Unlike piano, a violinist has no easy mapping from one octave to another—you can't just shift your hand and read the same notes, so as long as you're playing extreme, uncommon fingerings, you can just as easily read the corresponding extreme, uncommon staff lines. Your example would go up to 6 ledger lines, which isn't that remarkable for a professional first violin part, but even if it were more, 8va wouldn't help the player. Even if you justify 8va, 15ma is overkill.

Octave clefs are non-traditional for most instruments.

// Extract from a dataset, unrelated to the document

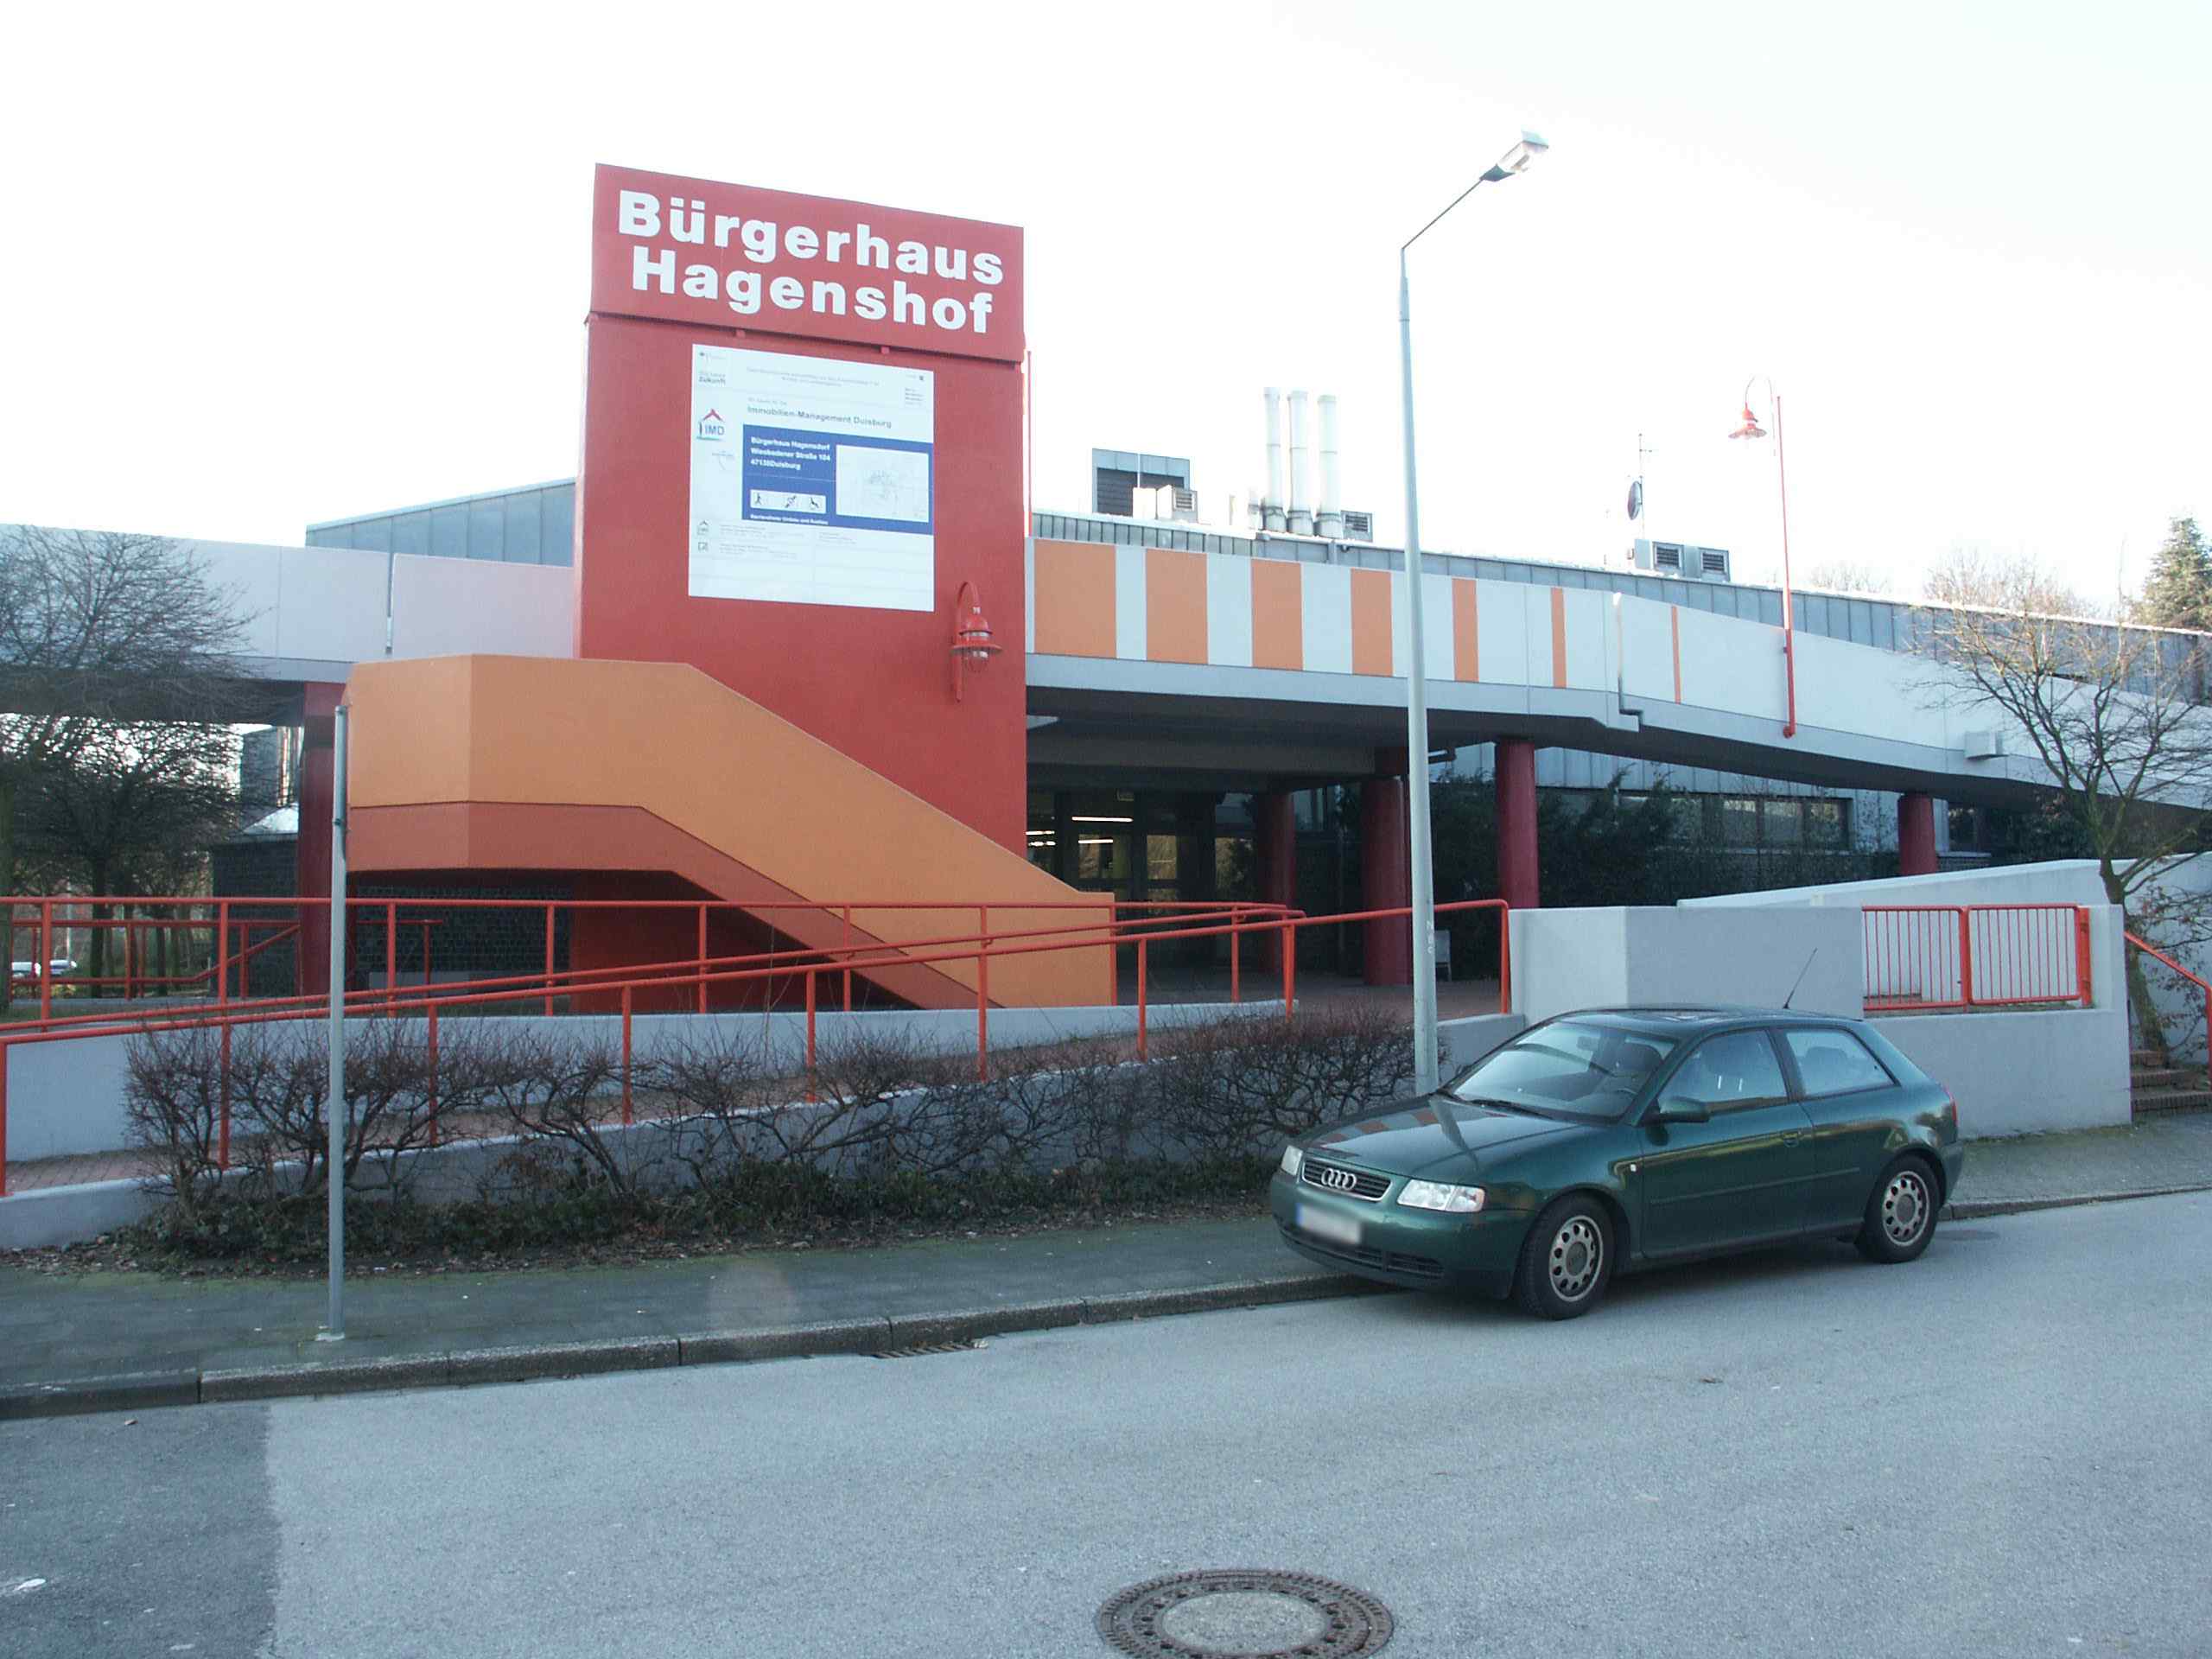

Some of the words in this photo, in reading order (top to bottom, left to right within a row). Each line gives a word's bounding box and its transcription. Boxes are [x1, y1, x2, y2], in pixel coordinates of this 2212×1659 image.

The canonical function of octave clefs is to render explicit the transposing nature of instruments like the guitar or piccolo. The little "8" isn't really meant to be read, and I've seen it argued that it's too subtle to expect anyone to notice—a little ridiculous in a practice that involves counting ledger lines, but what do I know. Prefer 8va brackets, and if you must use clefs, consider calling it to attention the first time it comes up, especially if it's meant to be sight-read.

I'm of the opinion that traditions are made to be broken and tools are made to be used, and octave clefs can be useful—on instruments where they're helpful to the musician, like keyboards. As a violinist I would see a big red flag that the composer was unfamiliar with the instrument and its limitations.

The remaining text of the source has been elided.